▶ WHAT IS BEING ASKED
Find "this 1280×1693 image." in the listing below, then set down only that line and each later line, unchanged, leaving out pictures.

▶ RAW DATA

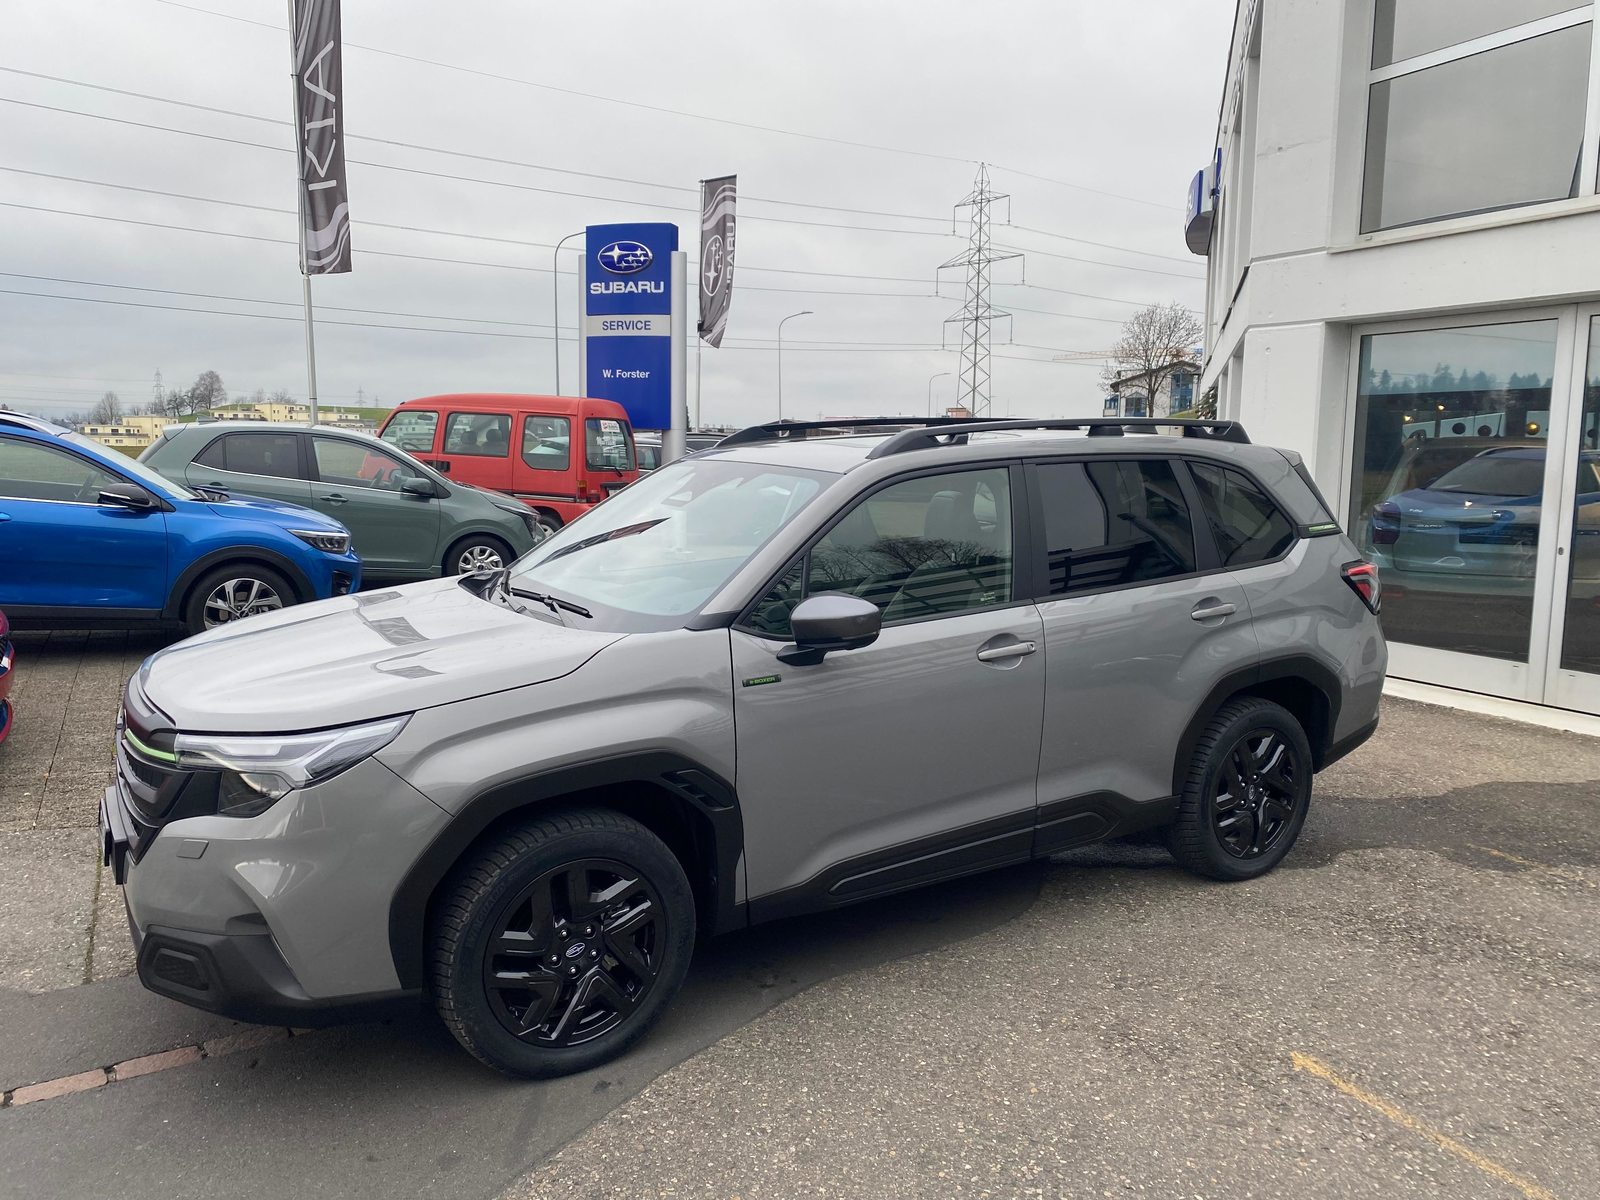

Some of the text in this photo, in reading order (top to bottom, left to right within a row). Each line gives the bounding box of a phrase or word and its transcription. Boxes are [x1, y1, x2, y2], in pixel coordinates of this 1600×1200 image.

[303, 40, 337, 191] KIA
[723, 222, 735, 306] BARU
[590, 281, 665, 294] SUBARU
[602, 320, 652, 331] SERVICE
[602, 368, 650, 379] W. Forster
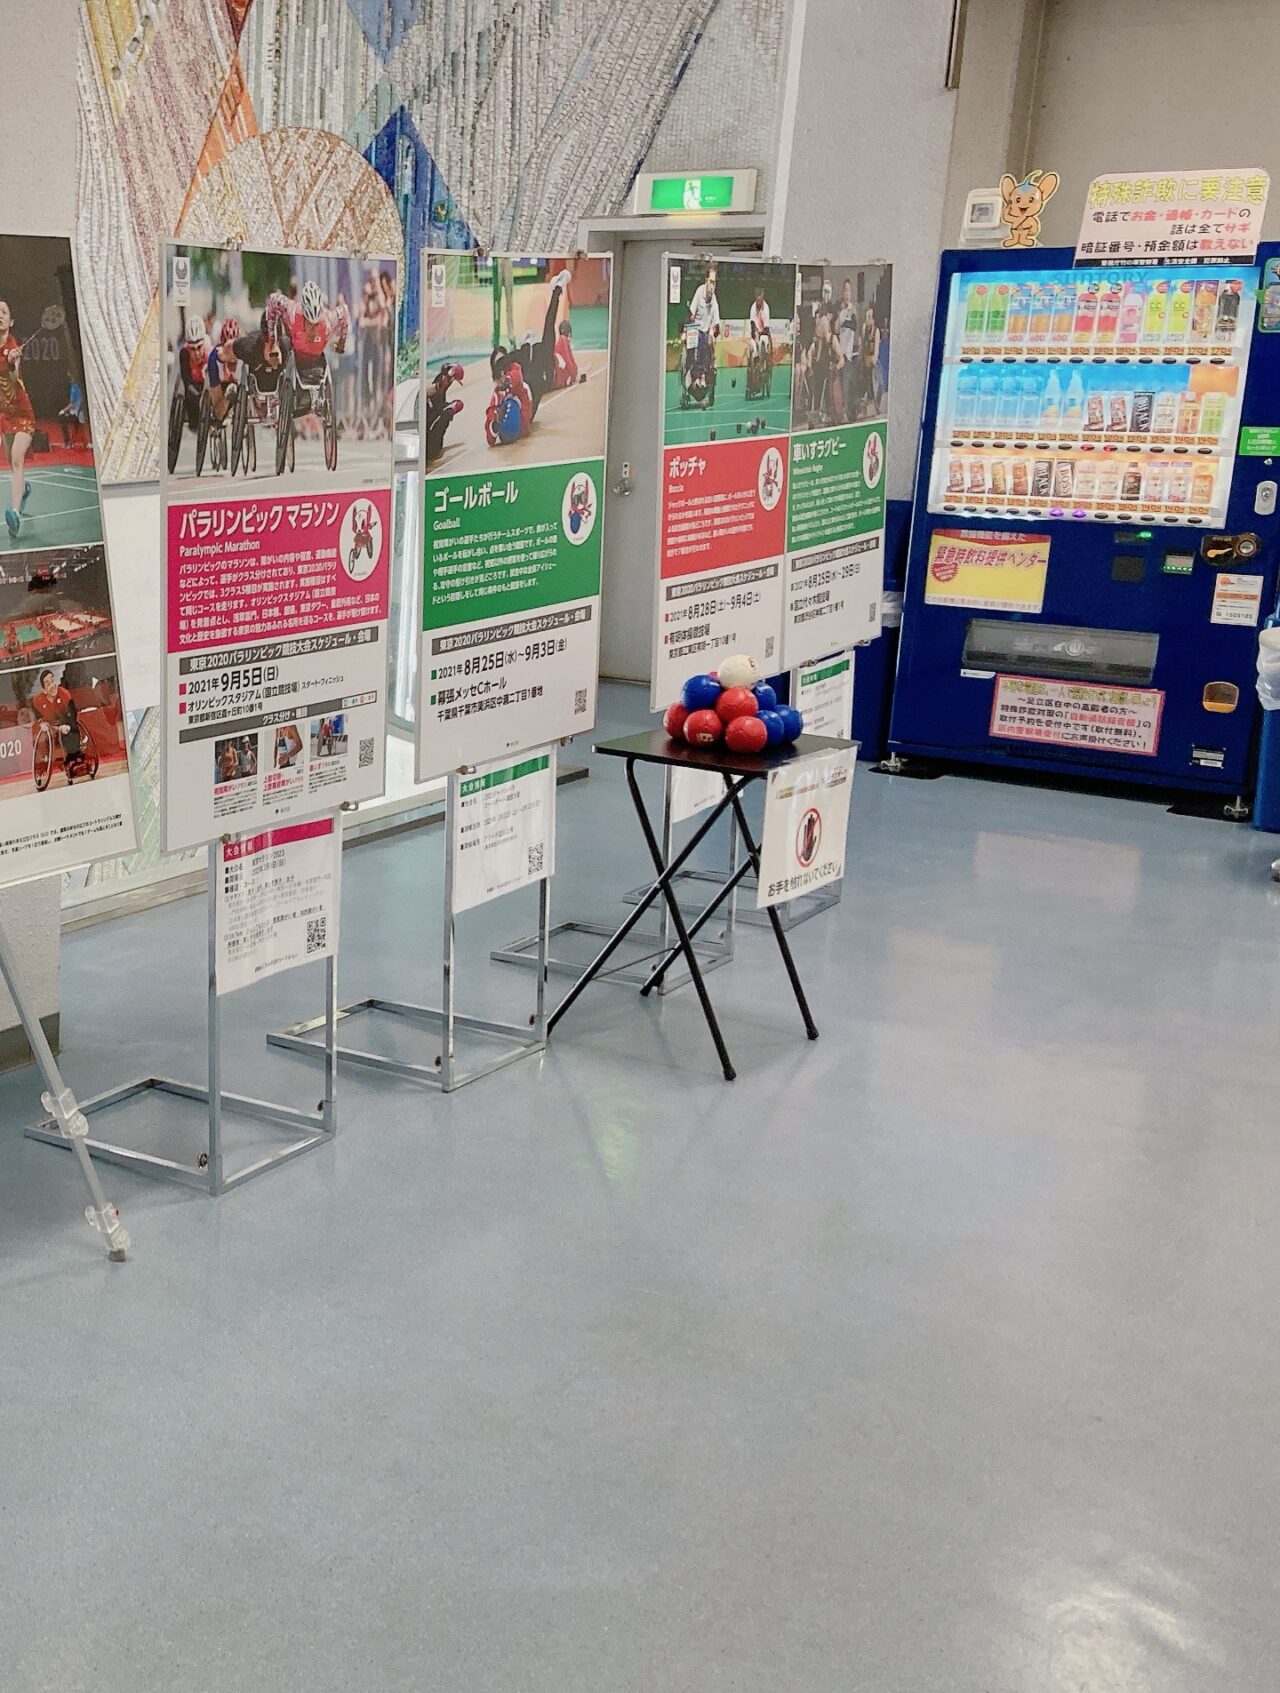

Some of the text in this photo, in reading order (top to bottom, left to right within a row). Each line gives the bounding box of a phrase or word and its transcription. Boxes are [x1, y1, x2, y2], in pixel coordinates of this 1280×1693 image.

[1089, 175, 1268, 209] 特殊詐欺に要注意
[1170, 222, 1250, 236] 話は全てサギ
[792, 436, 847, 463] 車いすラグビー
[434, 480, 519, 513] ゴールボール
[433, 518, 461, 532] Goalball
[179, 539, 260, 557] Paralympic Marathon
[437, 676, 507, 706] 幕張メッセCホール
[767, 862, 837, 897] お手を触れないでください
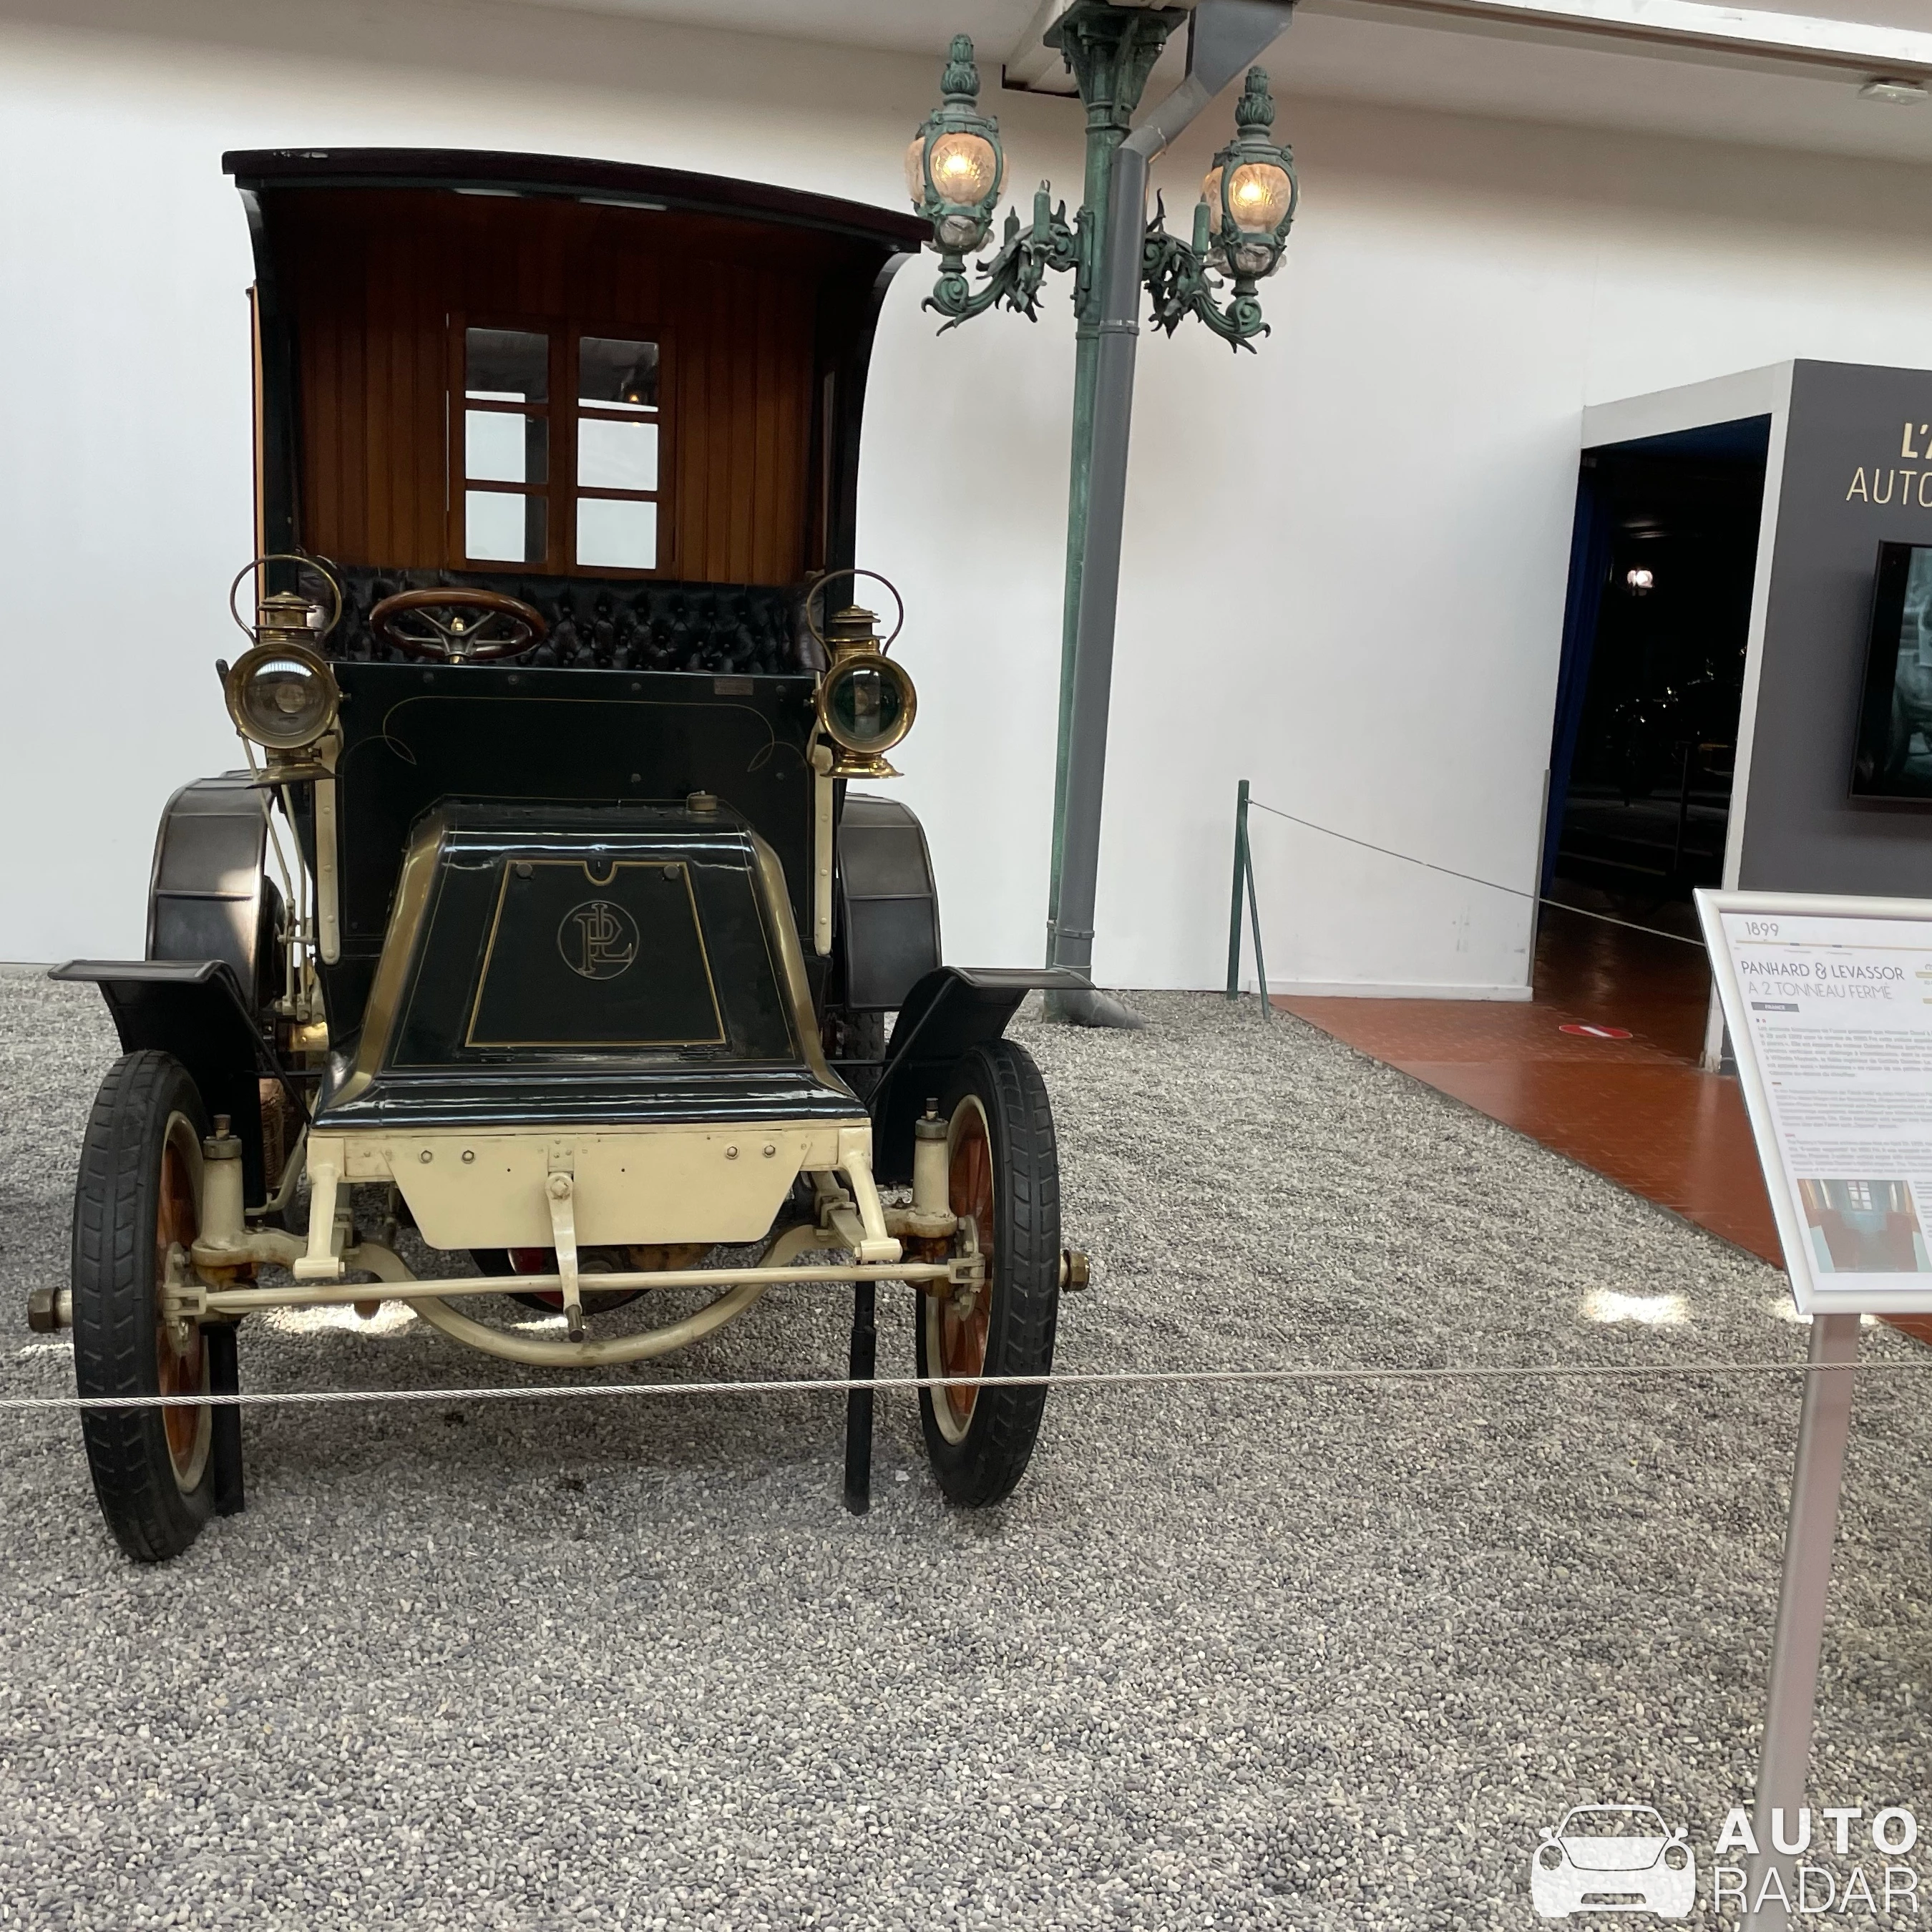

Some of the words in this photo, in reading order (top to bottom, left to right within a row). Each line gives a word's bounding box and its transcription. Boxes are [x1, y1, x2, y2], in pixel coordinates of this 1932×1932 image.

▶ SOLUTION FOR THIS EXERCISE
Some of the text in this photo, in reading order (top to bottom, left to right within a row). Each line gives the bounding box of a phrase or word and its transcription. Boxes are [x1, y1, x2, y2], in pixel coordinates of this 1280×1693 image.

[1089, 175, 1268, 209] 特殊詐欺に要注意
[1170, 222, 1250, 236] 話は全てサギ
[792, 436, 847, 463] 車いすラグビー
[434, 480, 519, 513] ゴールボール
[433, 518, 461, 532] Goalball
[179, 539, 260, 557] Paralympic Marathon
[437, 676, 507, 706] 幕張メッセCホール
[767, 862, 837, 897] お手を触れないでください

Some of the words in this photo, in reading order (top to bottom, left to right within a row). Each line gives a word's bounding box and its transcription. Boxes are [x1, y1, x2, y2], in pixel coordinates of this 1932×1932 image.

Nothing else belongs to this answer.